Prediction Of Pm10 Concentrations Using Logistic Regression Analysis: Case Study In Jerantut

Abstract

Particulate matter (PM 10) can cause several serious negative health effects to humans when it is present in the environment. Thus, it is important for us to forecast its concentration levels in the environment so that we can reduce the risk of exposure towards particulate matter. Secondary data on the concentration of PM 10, sulphur dioxide (SO 2), nitrogen dioxide (NO 2), ground level ozone (O 3), carbon monoxide (CO) along with temperature and relative humidity at Jerantut monitoring stations between 2010 to 2012 obtained from Department of Environment. The main objective of this study is to describe the relationship between PM 10 with other gases and weather conditions by using correlation. It also aims to determine the best prediction categories. Furthermore, this research aims to find a model for predicting the concentration of PM 10 using logistic regression. PM 10 and O 3 at Jerantut monitoring station were found to have a strong positive correlation. The best logistic regression model was obtained at Jerantut station in 2010 with an R 2 value of 0.565. The best prediction category for Jerantut monitoring stations was shown to be healthy with a correct percentage of more than 85% obtained from the analysis of the overall and annual results between 2010 to 2012.

Keywords: Air pollutionParticulate matterprediction model

Introduction

Air pollution basically refers to the contamination of the indoor or outdoor environment by any types of agent that modifies the natural characteristics of the atmosphere ( World Health Organization, 2014). Hanapi and Din ( 2012) have described that the cause of air pollution may come from many sources such as waste products, construction work, factory emissions and vehicles. Pollutants at ground level are caused by human activities and natural events. Acson International in their Healthy Air Booklet stated that the main sources of air pollution in Malaysia are industrial fuel burning, motor vehicles, domestic fuel burning, power stations as well as the burning of industrial and municipal waste ( Acson Malaysia Sales and Service Sdn Bhd, 2012). Malaysia, Air Pollution Index (API) is currently use as an indicator to measure the air quality ( Hanapi & Din, 2012). According to the Department of Environment Malaysia (2013), API is calculated based on five major types of air pollutants at air pollution monitoring stations belong to Department of Environment Malaysia. These include PM 10, sulphur dioxide, nitrogen dioxide, ground level ozone and carbon monoxide. The indications of API value below 50 classified as good, 51-100 classified as moderate, 201-300 classified as unhealthy, more than 300 is classified as hazardous whereas an API value above 500 is classified as an emergency.

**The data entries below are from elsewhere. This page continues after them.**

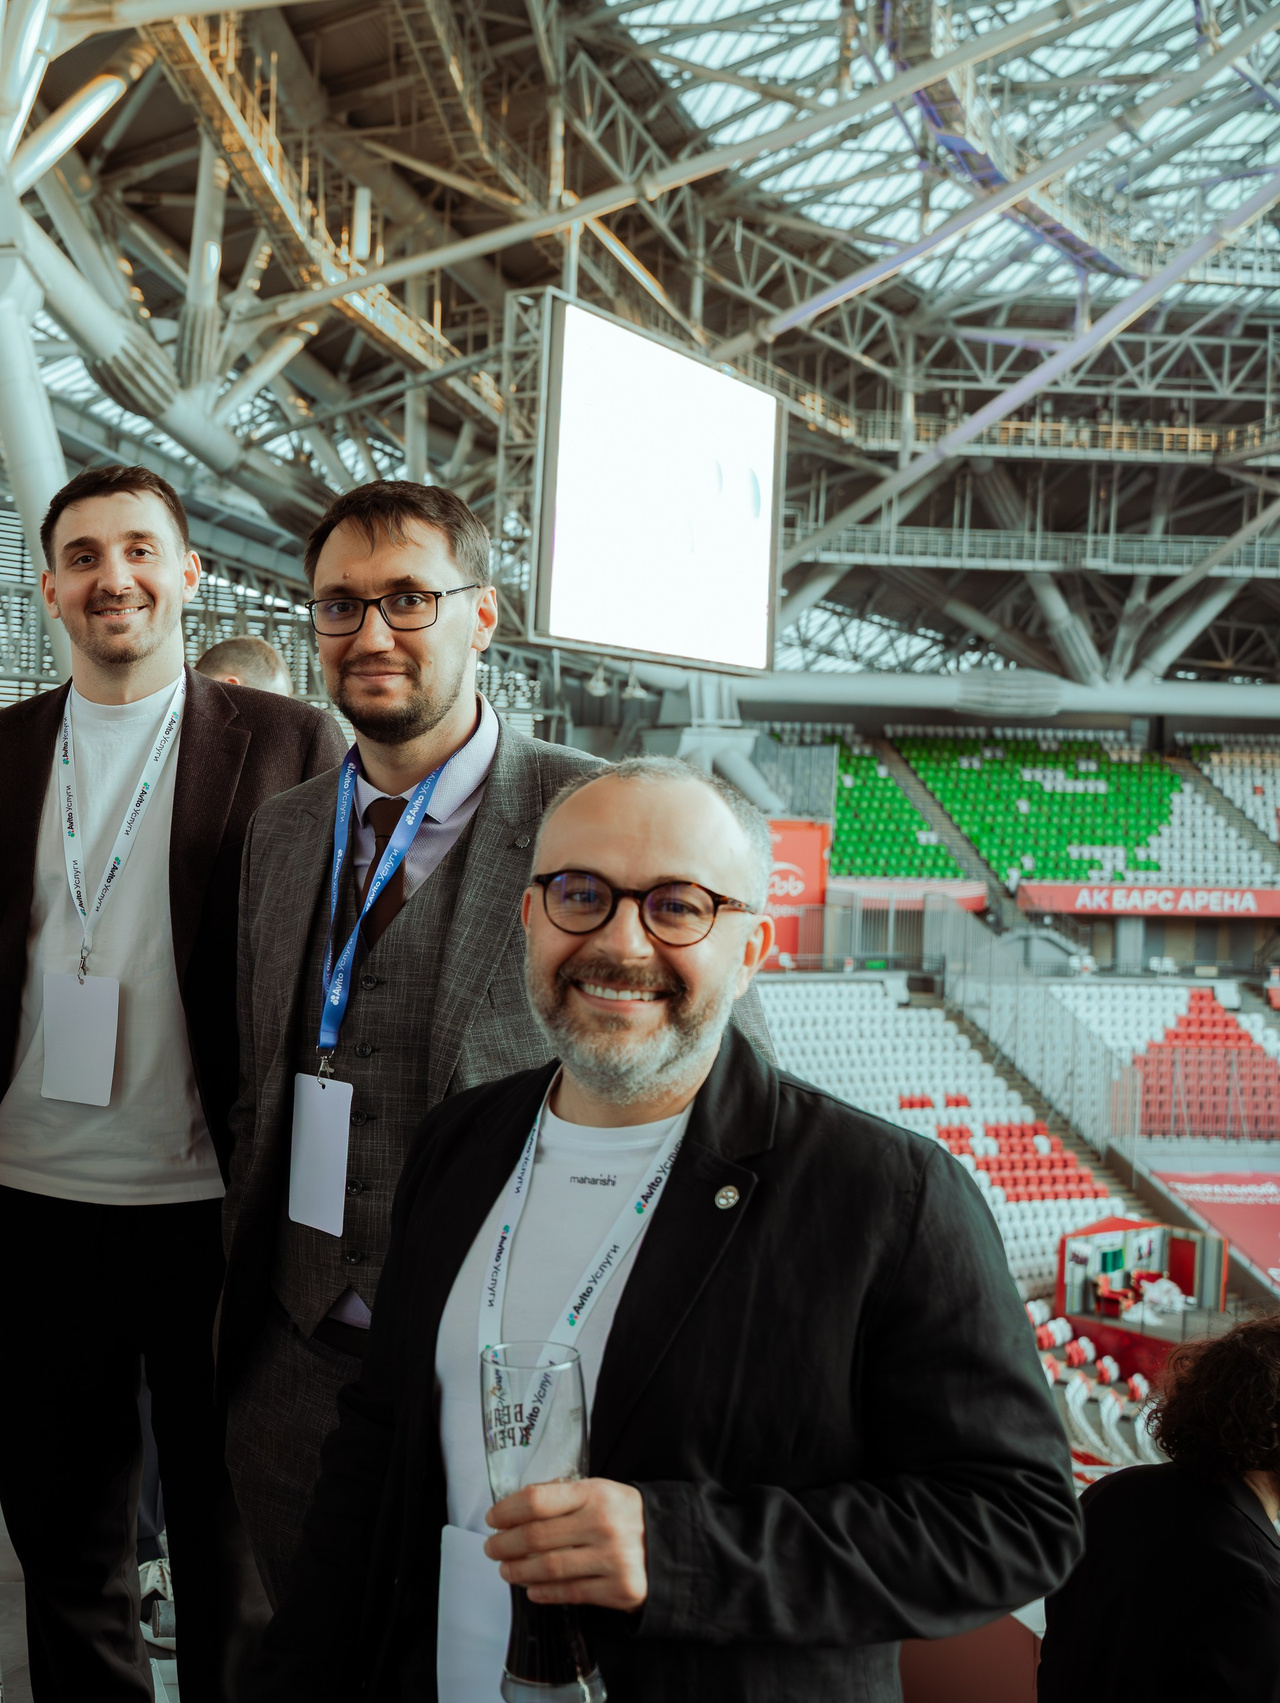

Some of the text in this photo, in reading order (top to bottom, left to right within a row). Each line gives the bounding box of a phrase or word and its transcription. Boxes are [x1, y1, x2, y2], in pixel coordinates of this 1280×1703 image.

[153, 717, 176, 762] Avito Услуги
[124, 789, 148, 836] Avito Услуги
[339, 769, 353, 823] Avito Услуги
[409, 795, 425, 817] Avito
[72, 860, 84, 909] Avito Услуги
[95, 864, 119, 912] Avito Услуги
[369, 848, 399, 904] Avito Услуги
[1075, 888, 1257, 913] АК БАРС АРЕНА
[332, 938, 354, 996] Avito Услуги
[570, 1174, 617, 1187] maharishi
[640, 1176, 663, 1204] Avito
[487, 1263, 501, 1307] Услуги
[573, 1244, 620, 1315] Avito Услуги

PM known as particulate matter or fine dust, it is a complex mixture of liquid droplets with extremely small particles. In addition, it is made up of several components including organic chemicals, acids, dust particles, soil and metals. PM with an aerodynamic diameter of less than 10μ m (PM 10) is one of the major air pollutants in Malaysia and in most of cities in Southeast Asia ( Afroz, Hassan, & Ibrahim, 2003). The yearly average ambient concentration levels of PM 10 between 1999 and 2013 in Malaysia were generally within the Malaysian Ambient Air Quality Guidelines (MAAQG) with a value of less than 50μ g/m 3 . The highest level of concentration was 50μ g/m 3 which was recorded in 2002 whereas the lowest level of concentration was 39μ g/m 3 which was recorded in 2010. The concentration of PM at a specific location depends on many factors such as local and regional particulate matter sources as well as geographical situation and meteorological conditions ( Titos, Lyamani, Pandilfi, Alastuey, & Alados-Arboledas, 2014). The main source of air pollutants, especially PM is traffic exhaust emissions ( Bycenkiene, Plauskaite, Dudoitis, & Ulevicius, 2014).

Department of Occupational Safety and Health Malaysia (2014) stated that PM 10 can negatively affect human health if the API value exceeds 100. Environment Statistics Time Series Malaysia (2013) summarised that unhealthy events caused by transboundary heavy particulate matter were recorded between 2002 to 2013 with a maximum of 3 days recorded in 2005. By referring to heavy particulate matter pollution reported by the New Straits Times ( 2014), the standard operating procedure for schools to close is when the API exceeds 200 where the air quality is at a “very unhealthy” level. However, the number of days for the school to be closed depends on the duration of the high particulate event. This causes uncertainty to the public because they would not be able to know the duration of closure. It would make it difficult for them to plan or schedule outdoor social activities. In reduced the difficulties, the appropriate method of prediction.

Problem Statement

According to Pascal et al. ( 2014), exposure to PM 10 has been consistently associated with serious health outcomes, resulting in an increase in mortality and hospital admissions predominantly related to cardiovascular and respiratory disease. There are many significant studies have linked PM 10 to a series of significant health problems, including aggravated asthma, increase in respiratory symptoms like coughing and difficult breathing, chronic bronchitis, decreased lung function, and premature death. One of the unhealthy events in Malaysia is the presence of heavy particulate matter caused by uncontrolled forest fires originating from the Indonesian province of Sumatra during the burning season ( Norela, Saidah, & Mahmud, 2013). Forest fires are normally used for land preparation and forest clearance by people involved in farming. Unfortunately, this could develop into uncontrollable wildfires. This situation usually happens between June and November coinciding with drier weather conditions ( Salinas et al., 2013). Due to these issues, there are need to provide an early warning to those who may be effected. Short term prediction is quite relevant to provide the information about PM 10 concentration.

Research Questions

Is logistic regression suitable for prediction of PM 10 concentration?

Purpose of the Study

The main objective in this study is to describe the relationship between PM 10 with other gases and weather conditions by using correlation. It also aims to determine the best prediction categories. Furthermore, this research aims to develop a model for predicting the concentration of PM 10 using logistic regression.

Research Methods

From a set of variables that can be continuous, discrete, dichotomous or a mixture of these variables, we can use a method to predict a discrete outcome. This method is known as logistic regression. Logistic regression can be used to answer the same questions as discriminant analysis. However, the difference between logistic regression and discriminant analysis is that it has no assumption about the distribution of independent variables. The application of logistic analysis is predicting the success or failure of a new product, determining what category of a credit risk a person will fall into and predicting whether a firm will be successful or otherwise.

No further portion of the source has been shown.